Data extracts:
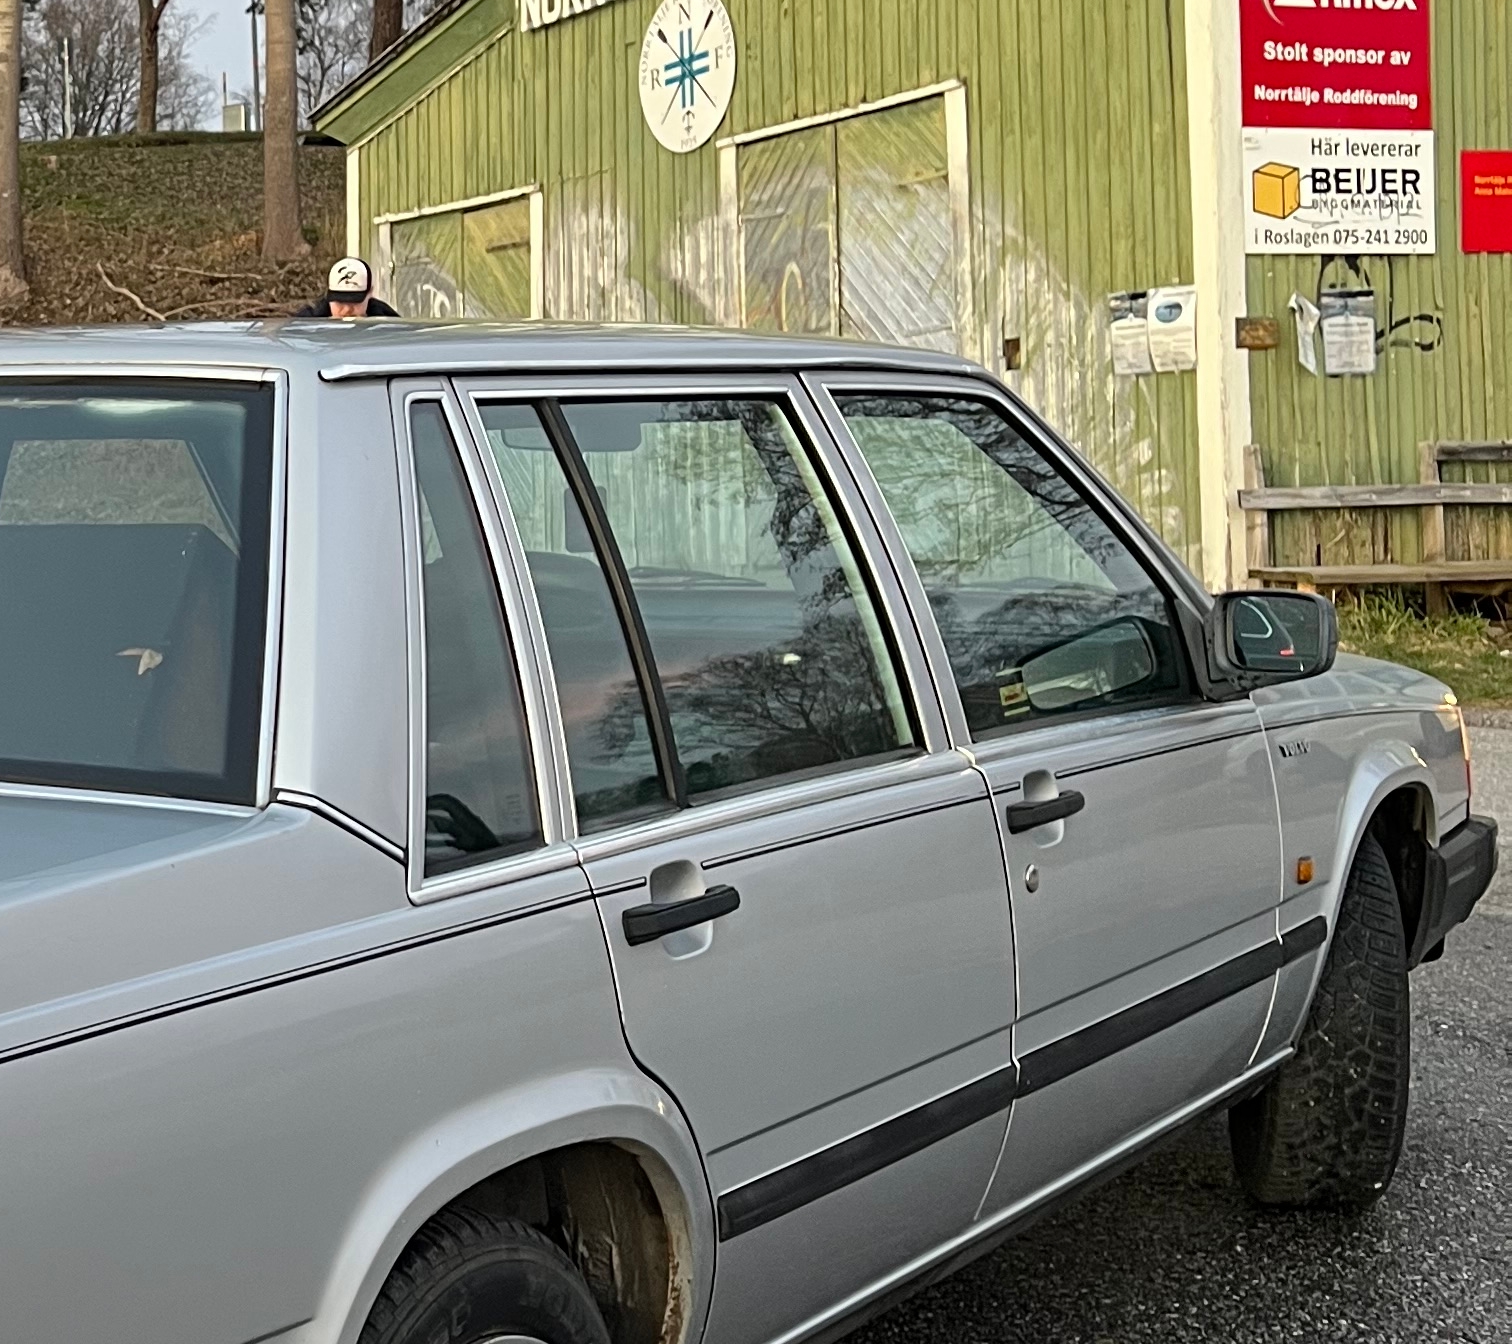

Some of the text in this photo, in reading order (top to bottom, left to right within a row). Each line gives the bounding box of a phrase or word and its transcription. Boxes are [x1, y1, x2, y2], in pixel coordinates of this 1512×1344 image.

[1263, 40, 1411, 67] Stolt sponsor av
[1253, 84, 1419, 110] Norrtälje Roddförening
[1311, 137, 1422, 157] Här levererar
[1311, 167, 1421, 196] BEIJER
[1264, 228, 1329, 248] Roslagen
[1333, 229, 1389, 245] 075-241
[1394, 229, 1428, 245] 2900
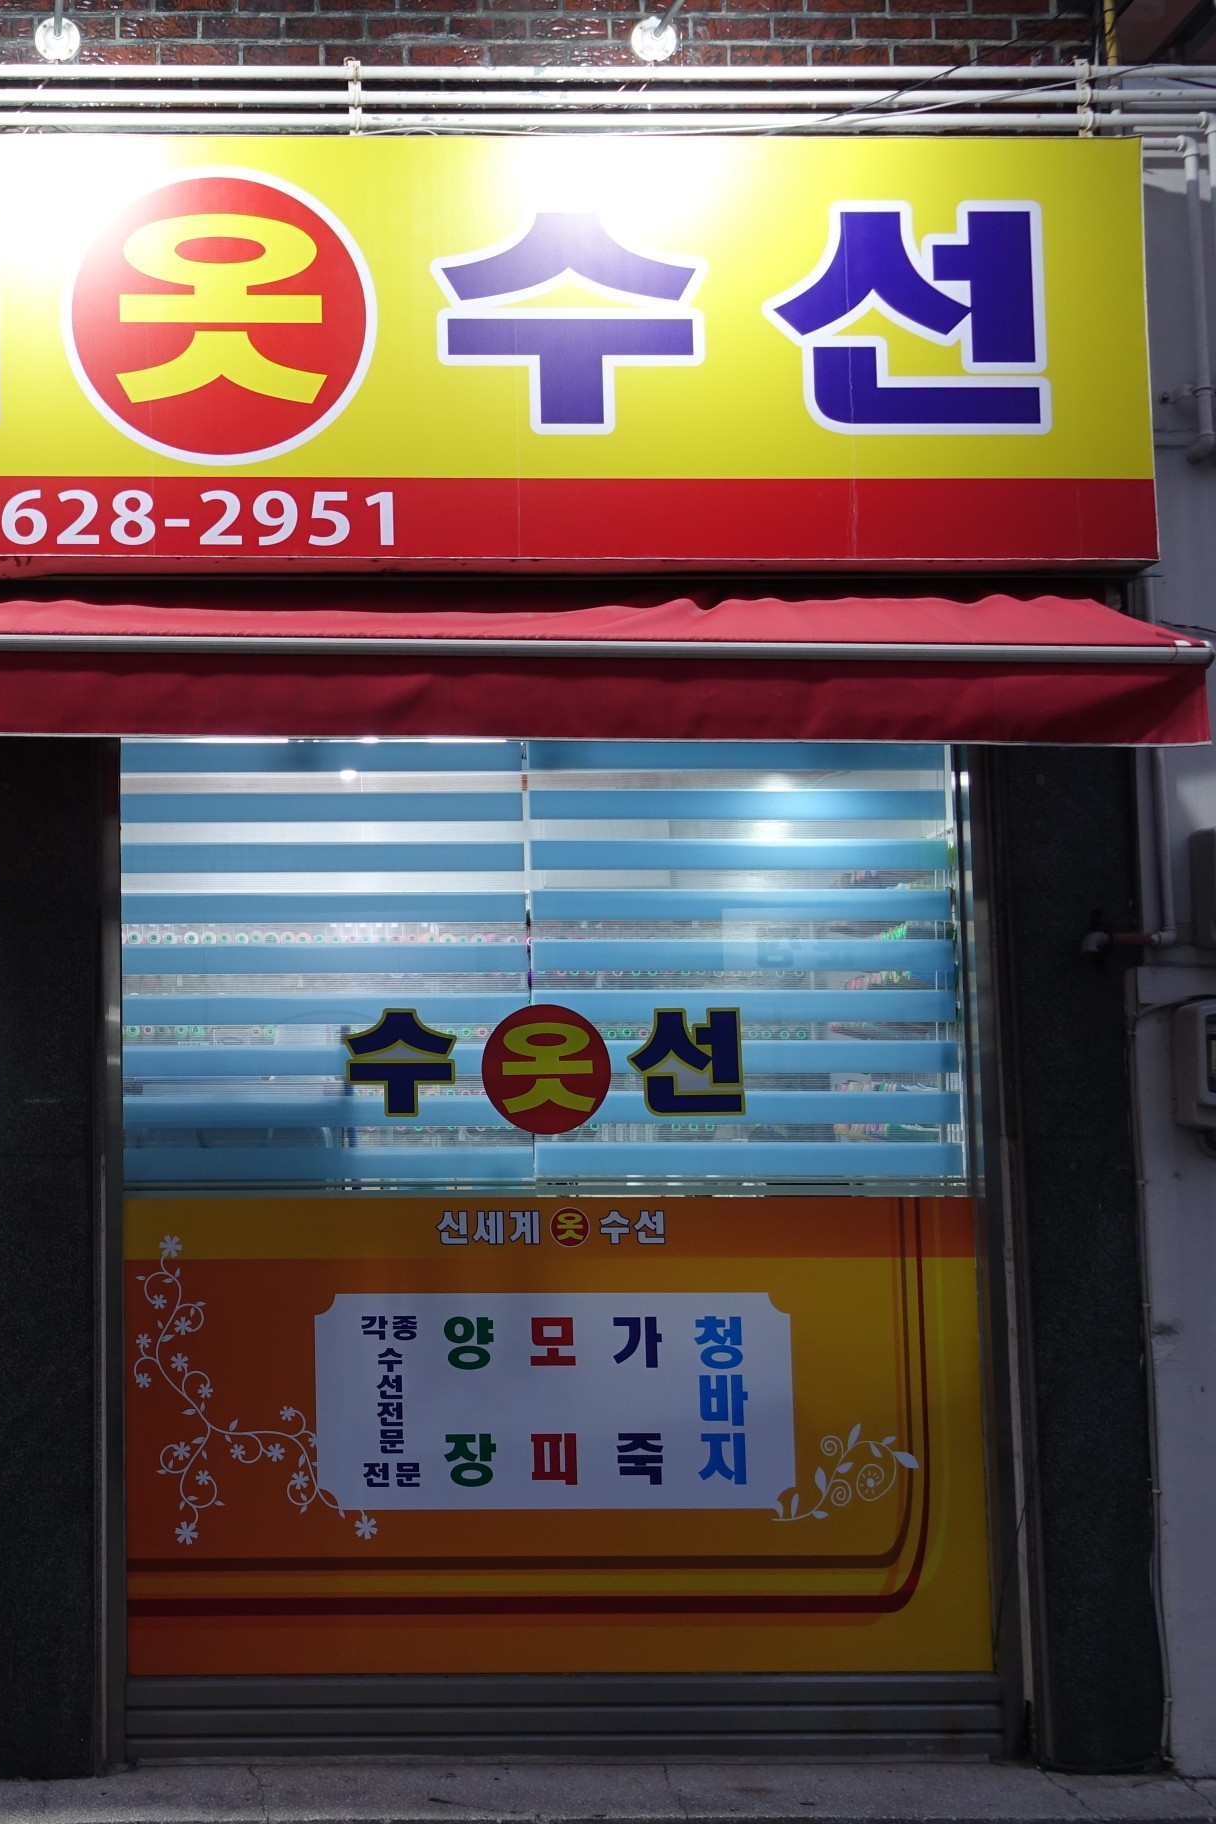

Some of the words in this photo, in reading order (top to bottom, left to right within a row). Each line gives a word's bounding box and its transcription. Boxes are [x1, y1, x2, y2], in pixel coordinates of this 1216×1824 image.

[116, 212, 329, 404] 옷
[430, 199, 1053, 436] 수선
[501, 1021, 596, 1114] 옷
[436, 1210, 541, 1246] 신세계
[555, 1212, 585, 1242] 옷
[598, 1210, 667, 1245] 수선
[361, 1315, 419, 1341] 각종
[376, 1346, 405, 1455] 수선전문
[694, 1315, 749, 1486] 청바지
[362, 1462, 422, 1488] 전문

To do:
Transcribe the preceding listing in its entirety and with exact wording, leaving out pictures.

Written reply:
Some of the text in this photo, in reading order (top to bottom, left to right within a row). Each line gives the bounding box of a phrase or word and its transcription. Boxes are [x1, y1, x2, y2], in pixel coordinates of this 1512×1344 image.

[1263, 40, 1411, 67] Stolt sponsor av
[1253, 84, 1419, 110] Norrtälje Roddförening
[1311, 137, 1422, 157] Här levererar
[1311, 167, 1421, 196] BEIJER
[1264, 228, 1329, 248] Roslagen
[1333, 229, 1389, 245] 075-241
[1394, 229, 1428, 245] 2900

Some of the words in this photo, in reading order (top to bottom, left to right within a row). Each line gives a word's bounding box and its transcription. Boxes are [x1, y1, x2, y2], in pixel coordinates of this 1216×1824 image.

[116, 212, 329, 404] 옷
[430, 199, 1053, 436] 수선
[501, 1021, 596, 1114] 옷
[436, 1210, 541, 1246] 신세계
[555, 1212, 585, 1242] 옷
[598, 1210, 667, 1245] 수선
[361, 1315, 419, 1341] 각종
[376, 1346, 405, 1455] 수선전문
[694, 1315, 749, 1486] 청바지
[362, 1462, 422, 1488] 전문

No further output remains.